▶ **ABOUT THIS TASK**: Output the data below exactly, without images.

▶ **Saved entries**:
——

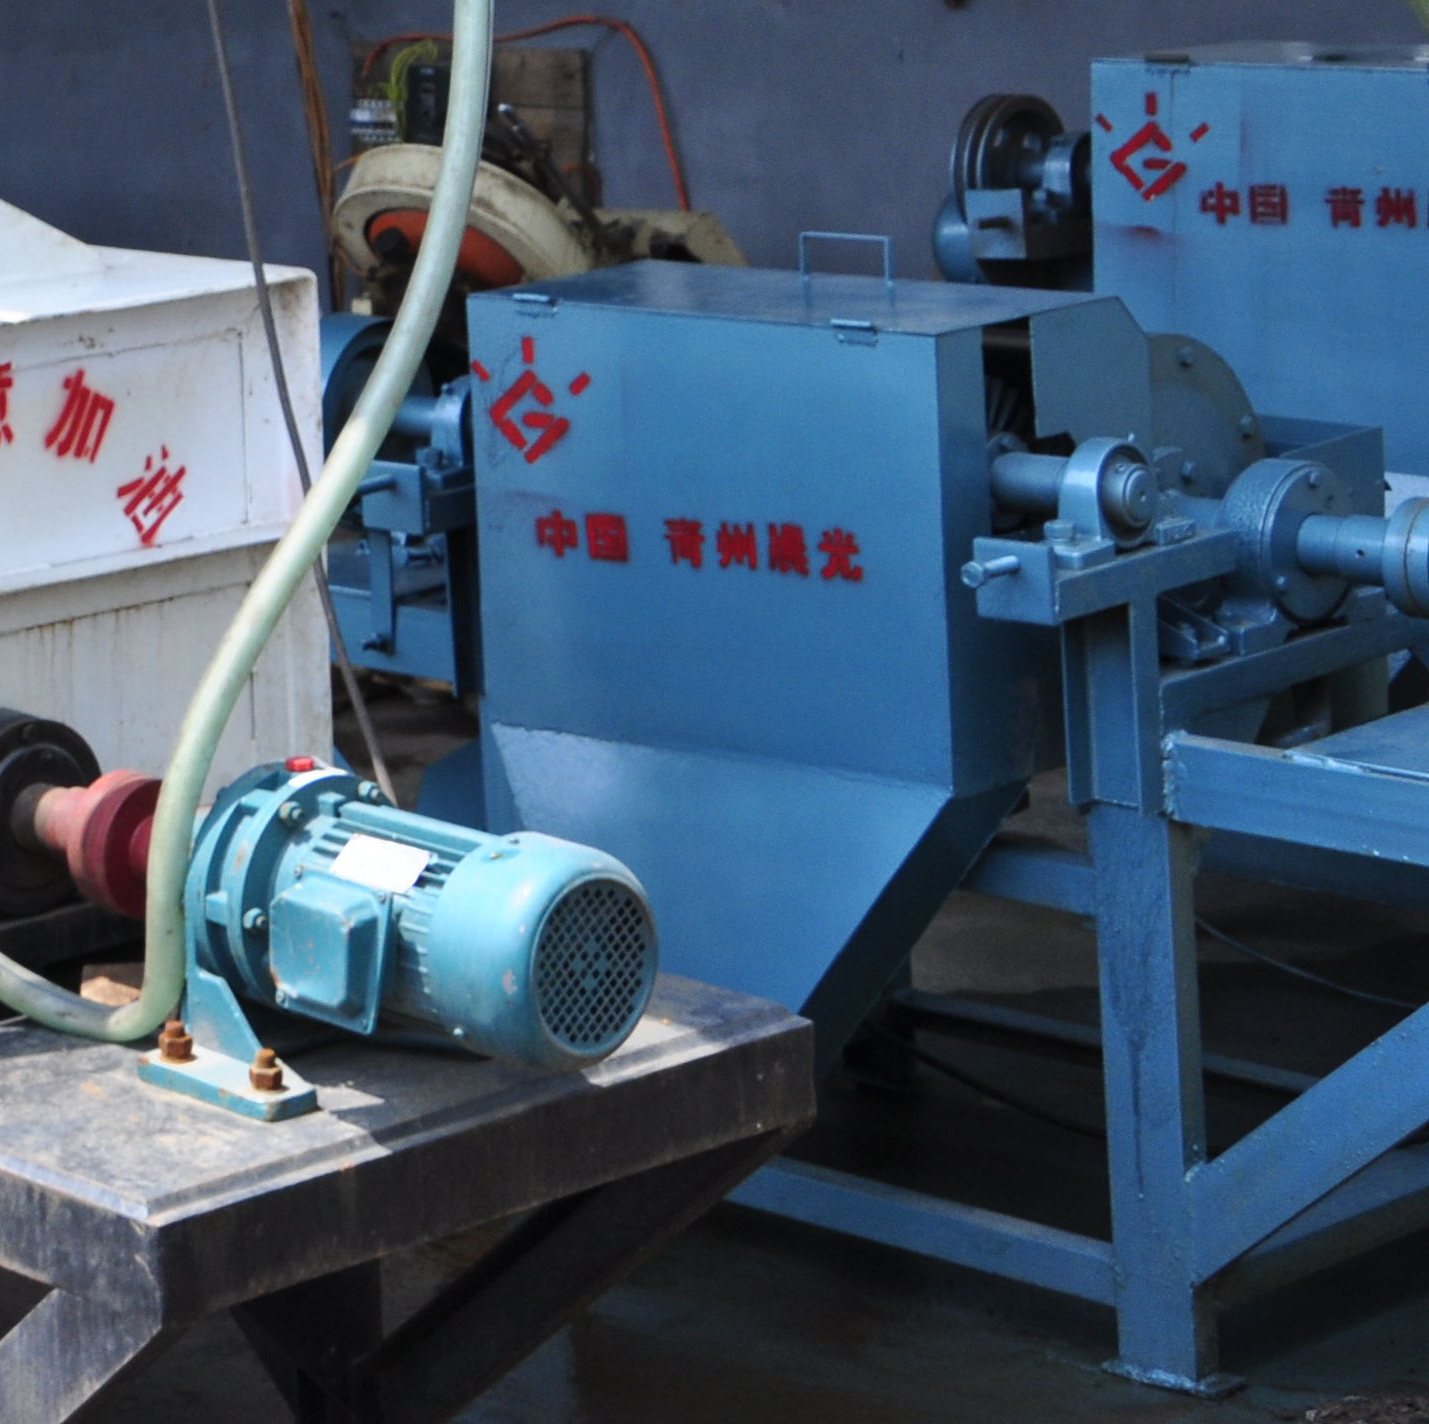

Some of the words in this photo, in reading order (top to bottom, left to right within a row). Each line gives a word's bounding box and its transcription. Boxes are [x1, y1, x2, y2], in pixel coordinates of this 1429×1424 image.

[1200, 181, 1289, 226] 中国
[1325, 185, 1429, 229] 青州
[535, 508, 629, 563] 中国
[663, 517, 874, 582] 青州晨光
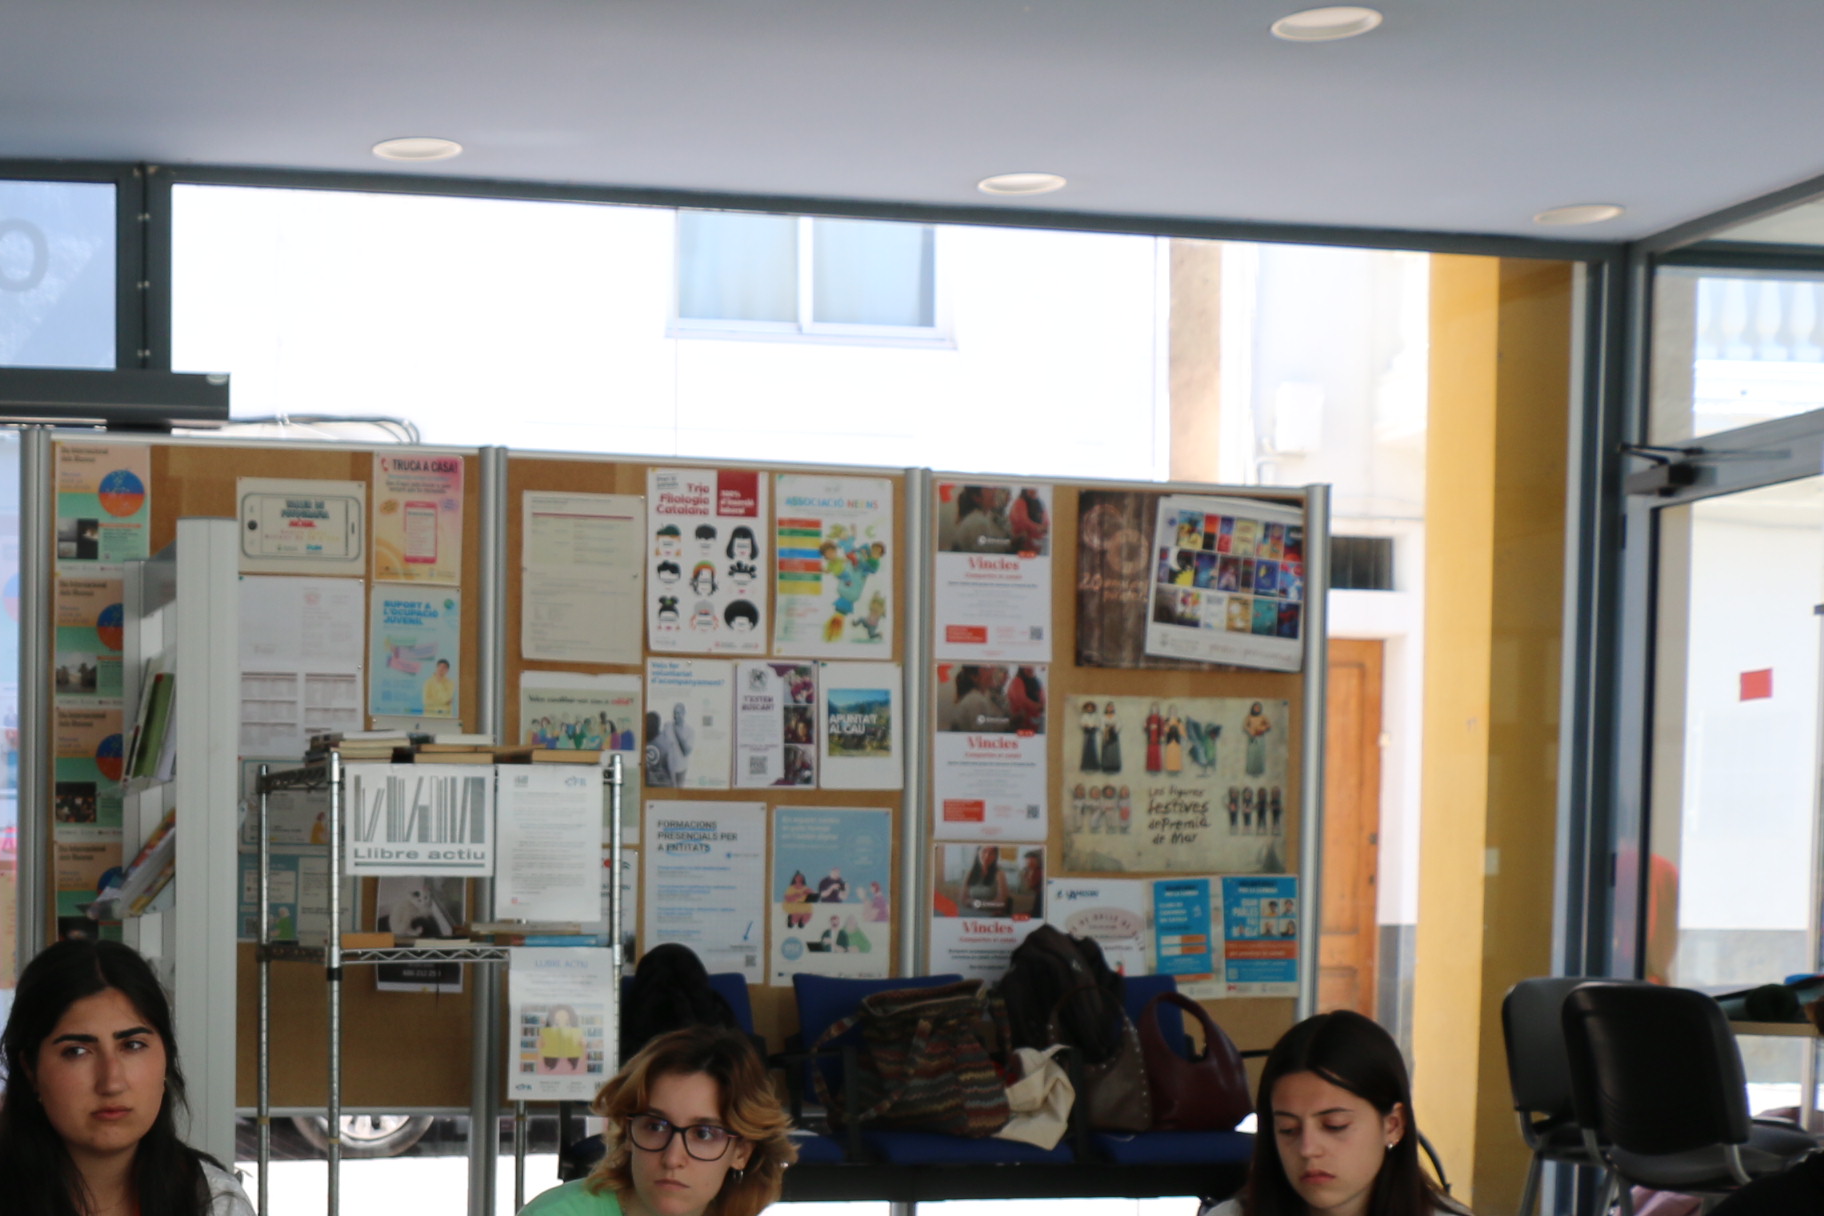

——

▶ **EXPECTED OUTPUT**:
Some of the words in this photo, in reading order (top to bottom, left to right within a row). Each line gives a word's bounding box and its transcription. Boxes are [x1, y1, x2, y2], in pixel coordinates of this 1429×1424 image.

[1200, 181, 1289, 226] 中国
[1325, 185, 1429, 229] 青州
[535, 508, 629, 563] 中国
[663, 517, 874, 582] 青州晨光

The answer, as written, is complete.